As conditions eased a little, Breytenbach settled into the rhythm of prison life. He made one bad mistake. In a misconceived effort to outmaneuver his captors, he wrote a letter offering to co-operate with the security police “in the name of the preservation of Afrikaner culture,” an error that was at once used against him. But when a warder appeared in his cell and, whispering, offered him a gun and an escape route, he had the sense to see the trap. He was nonetheless tried again, for planning to escape and carry out various implausible acts of terrorism, but was acquitted. Soon afterward, he was transferred to Pollsmoor Prison near Cape Town, where there was at least a glimpse of mountain and sea.

At Pollsmoor, Breytenbach was able to get a good look at the appalling conditions of black prisoners, crammed into stinking and overcrowded cells and abandoned to murder, torture, and homosexual rape at the hands of prison gangs. The authorities paid little attention to this: “It is finally of little importance to them if prisoners want to exterminate one another…. Those wielding power, they who believe themselves to be superior, are inevitably moral decadents.”
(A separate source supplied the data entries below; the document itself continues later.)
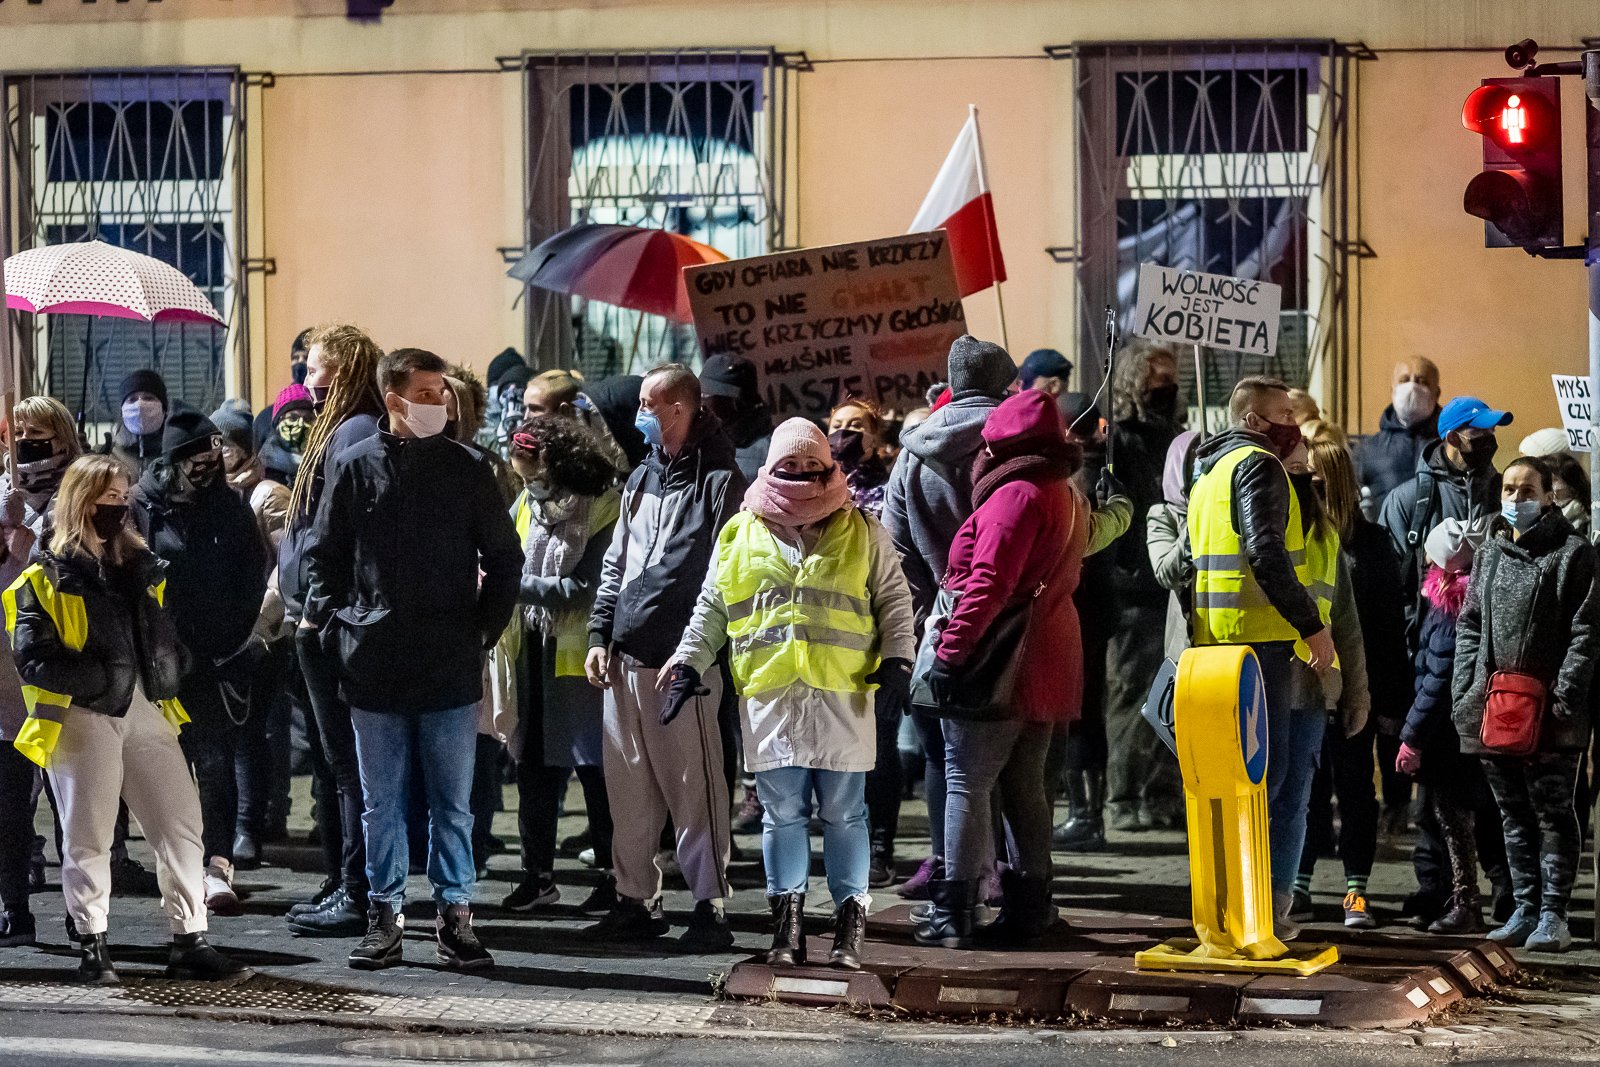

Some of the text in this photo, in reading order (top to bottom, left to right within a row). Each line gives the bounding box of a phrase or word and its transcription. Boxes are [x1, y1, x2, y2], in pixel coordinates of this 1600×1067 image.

[695, 268, 736, 295] GDY
[742, 257, 813, 288] OFIARA
[821, 249, 860, 272] NIE
[1162, 271, 1261, 305] WOLNOŚĆ
[714, 302, 756, 326] TO
[764, 293, 807, 320] NIE
[1181, 296, 1224, 314] JEST
[704, 329, 758, 359] WIĘC
[763, 312, 883, 347] KRZYCZMY
[1142, 302, 1269, 354] KOBIETĄ
[875, 370, 946, 404] PRA
Breytenbach continued to enlarge and meditate on the discoveries that he had made in isolation. “It is important that you consciously…assist at the putting-down of the I” which must disappear “for a sense of movement to be actualized.” Then, without warning, he was dressed in a borrowed safari suit and driven—dazed at the sights and smells—to an interview with a high member of the government in a Cape Town hotel. Questions about his future behavior were asked. A few days later, equally suddenly, they told him: “As from this moment you are free unconditionally.” He saw tears in the jailer’s eyes. He was taken back to Cape Town and delivered to his wife. Within a few days, they were in Paris.
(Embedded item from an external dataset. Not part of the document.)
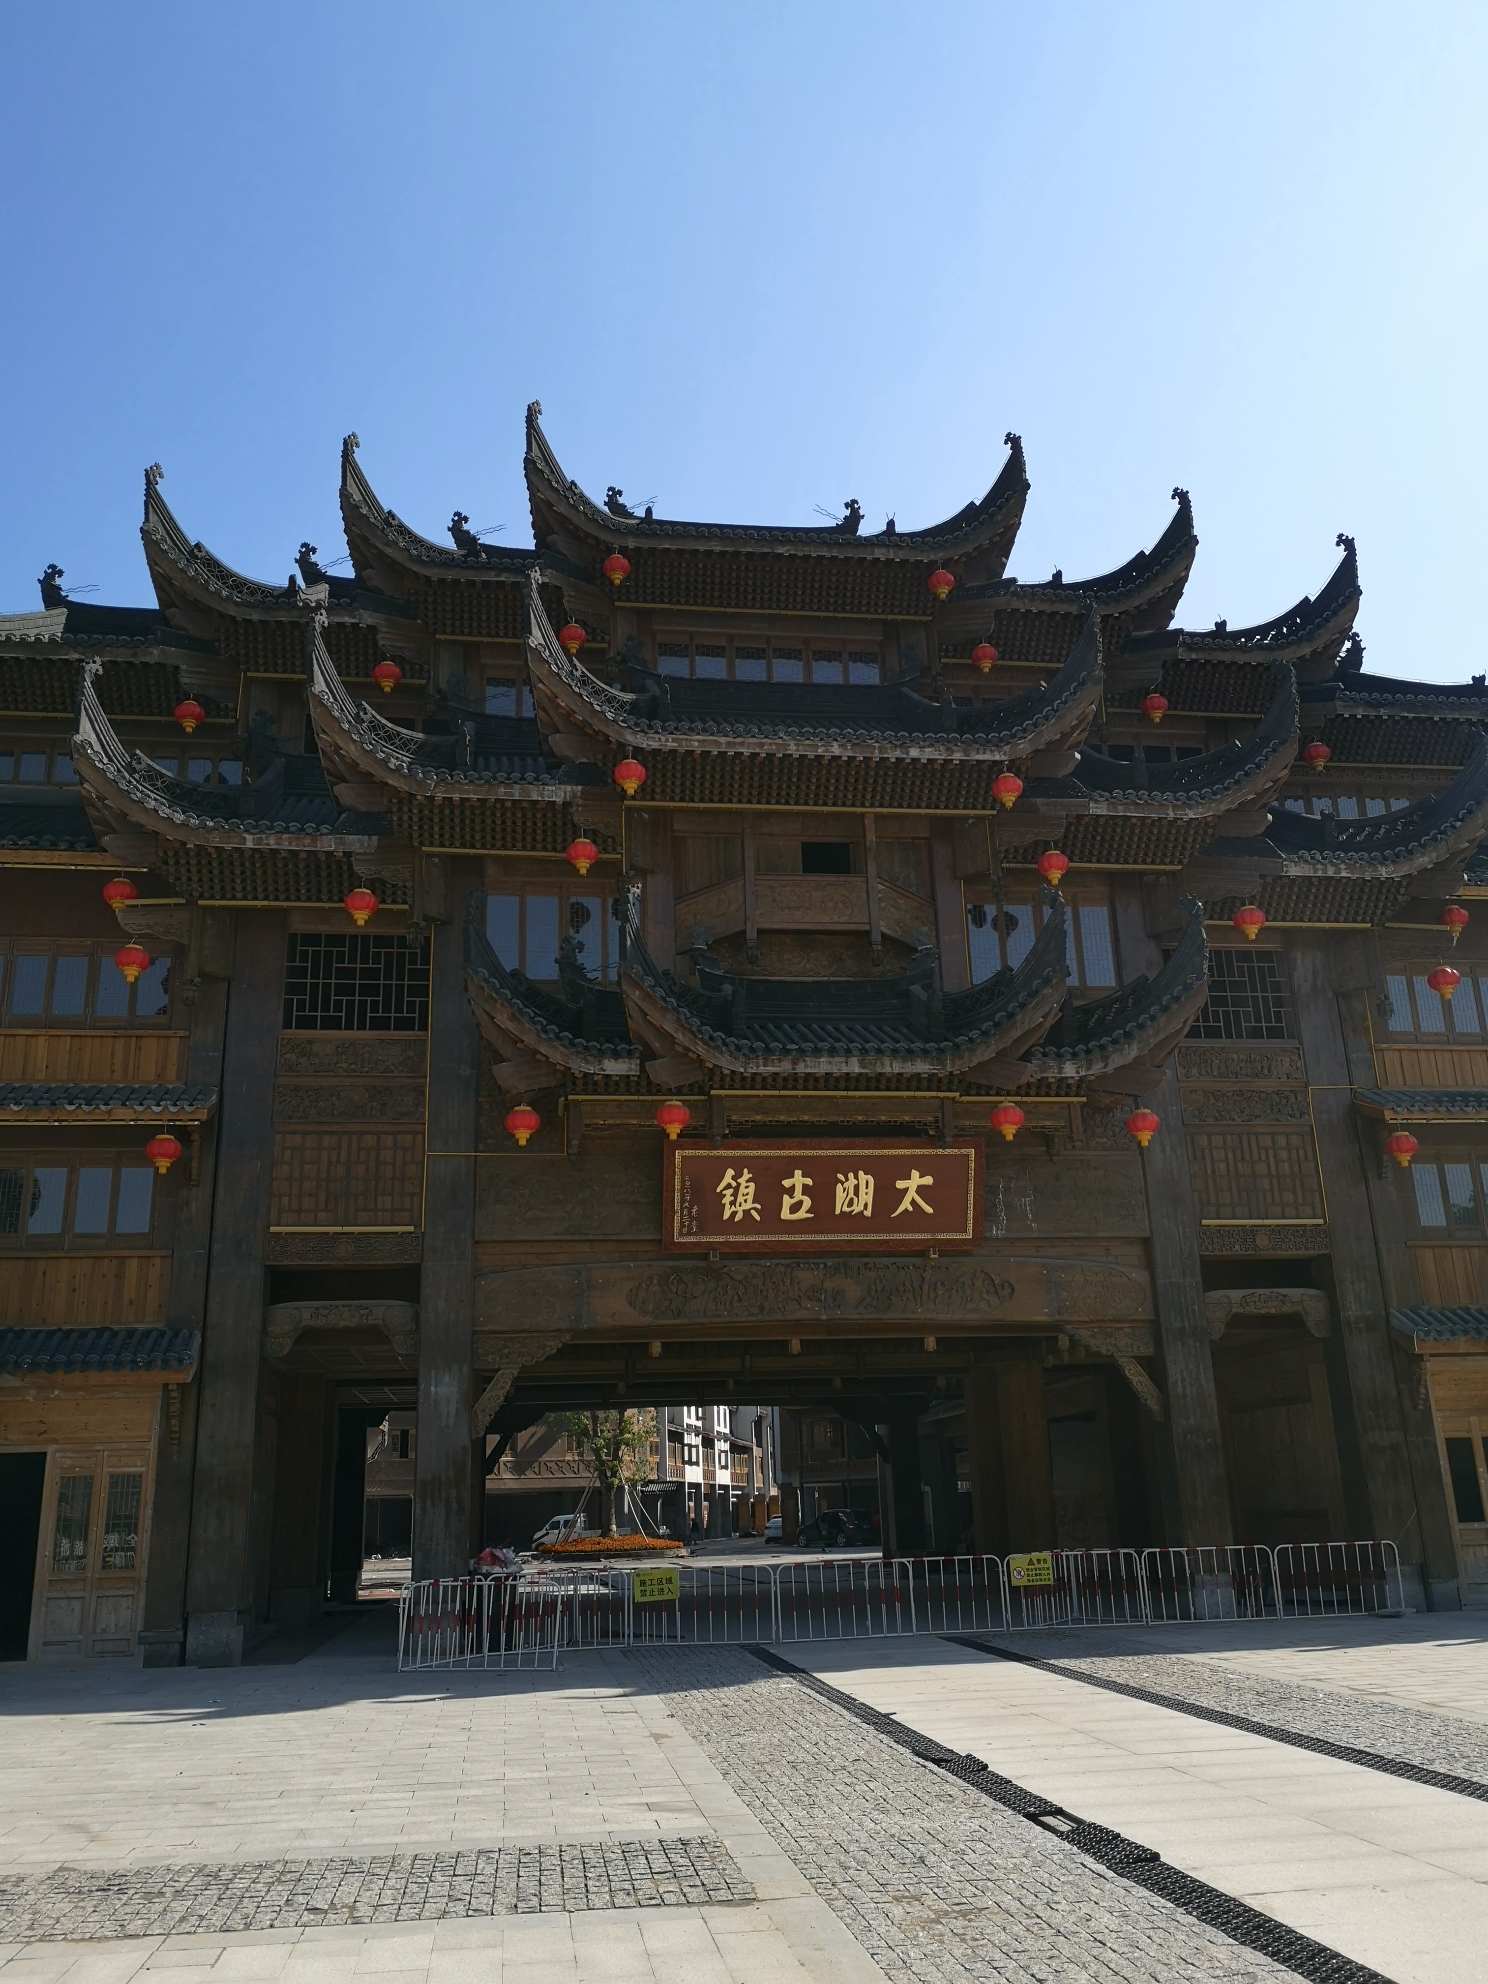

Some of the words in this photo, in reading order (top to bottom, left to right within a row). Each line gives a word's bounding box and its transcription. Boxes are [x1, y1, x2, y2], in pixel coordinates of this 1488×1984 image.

[638, 1576, 674, 1588] 施工区域
[639, 1587, 674, 1598] 禁止进入
His first action in liberty was to compose this marvelous book. It is, essentially, a personal testament about identity and suffering, about brutality and its impact on those who strike and those who are struck, about the ancient theme of complicity between torturer and tortured, interrogator and victim. But Breytenbach also has things to say about opposition to the South African system which—now, especially—deserve close attention.
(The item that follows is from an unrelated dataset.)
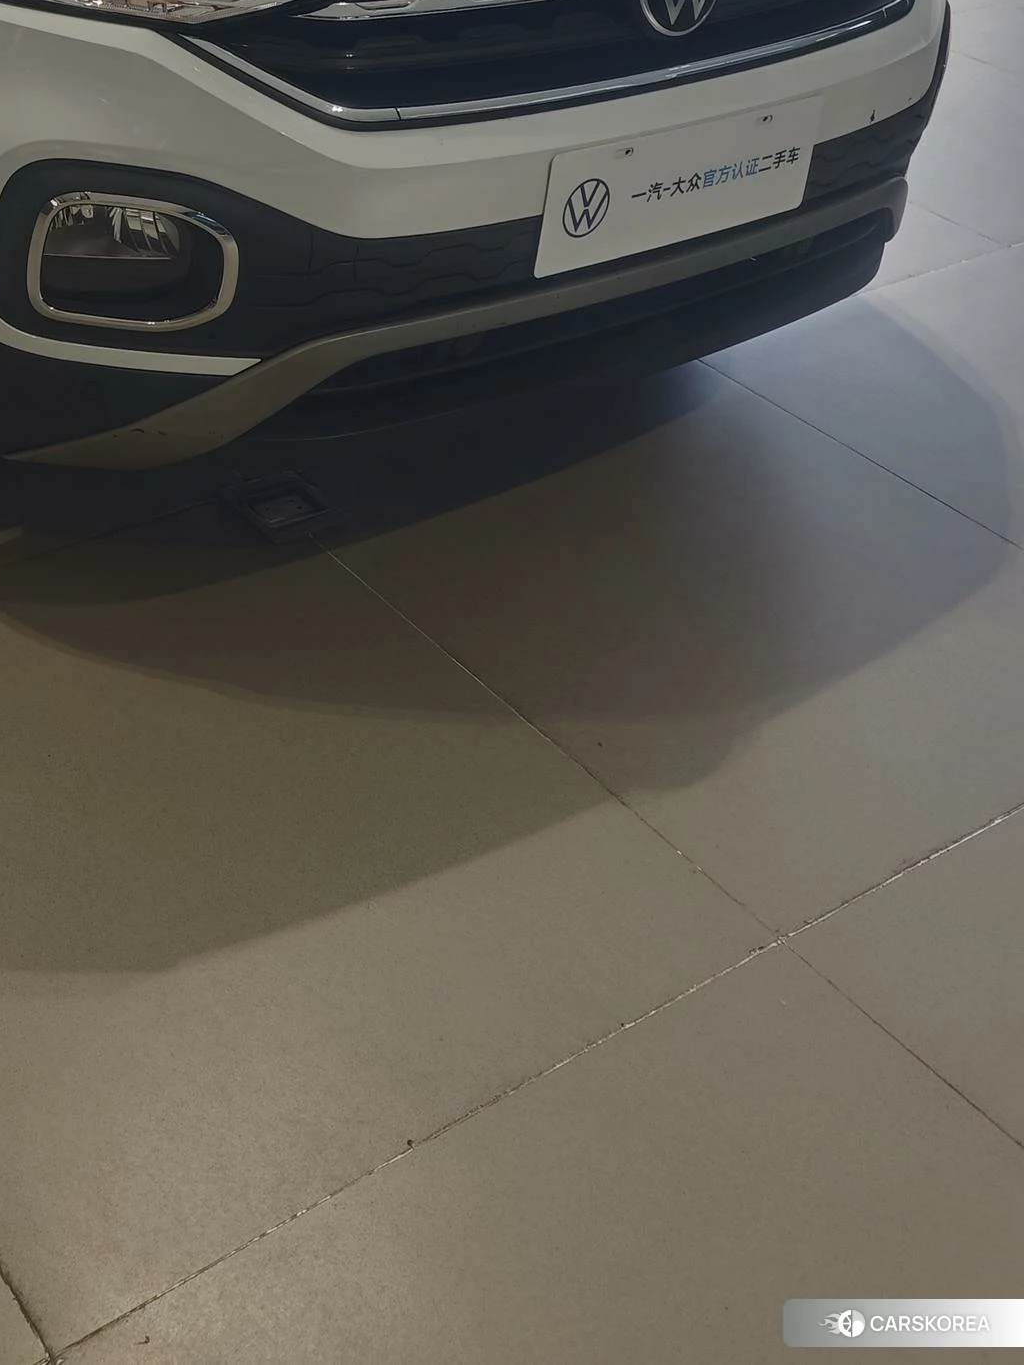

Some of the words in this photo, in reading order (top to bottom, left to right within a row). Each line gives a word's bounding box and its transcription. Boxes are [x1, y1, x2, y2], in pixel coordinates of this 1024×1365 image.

[631, 146, 801, 202] 一汽-大众官方认证二手车
[562, 178, 610, 238] VW
He remains uneasy about Communist influence within the ANC, and asserts that the South African Communist party “has the nerve center of the liberation movement in its control.” He repeats his allegiance to the ideals of Okhela. But his years in prison have led him to doubt the ultimate value of underground resistance work. The clandestine tradition is weak in South Africa; more seriously, it can corrupt those who work in it and it encourages sectarianism. “What is it that makes an underground cell of militants any different from a spy cell, an intelligence network of the masters? Don’t we here see the mirror and its own mirror image?”

Breytenbach goes on:

Maybe we ought to settle for the slower processes; maybe we must, very paradoxically, extend our confidence to the people and whatever mass organizations the people may throw up…the liberating concept is exactly to give over to the people the way a fish gives itself over to the sea…the idea of breaking a structure becomes exciting. The concept of the fuck-up is a liberating idea.

Reading those words, some of his old comrades may conclude that Breytenbach “did not survive” in a political sense, that his will to fight was broken. The startling decision by the South African authorities to allow this book to be published there is probably a clever propaganda move to spread criticism of the ANC by one of its most illustrious followers, but—inevitably—it has led opponents of the regime to raise questions about what Breytenbach now believes. It seems to me that he answers these questions conclusively when he writes:

Man suffers because of his separation from the boundless, Anaximander said. If there is a life force, Apartheid goes against it. Surely what we live towards is a greater, even metaphysical, integration, however hazardous and dangerous. And just as surely we are inspired to do so by a profound sense of brotherhood. Apartheid is a mutation of power and greed. No religion can justify it, except that warped doctrine the Afrikaners have fashioned from their desert faith. Their god is a cruel, White interrogator.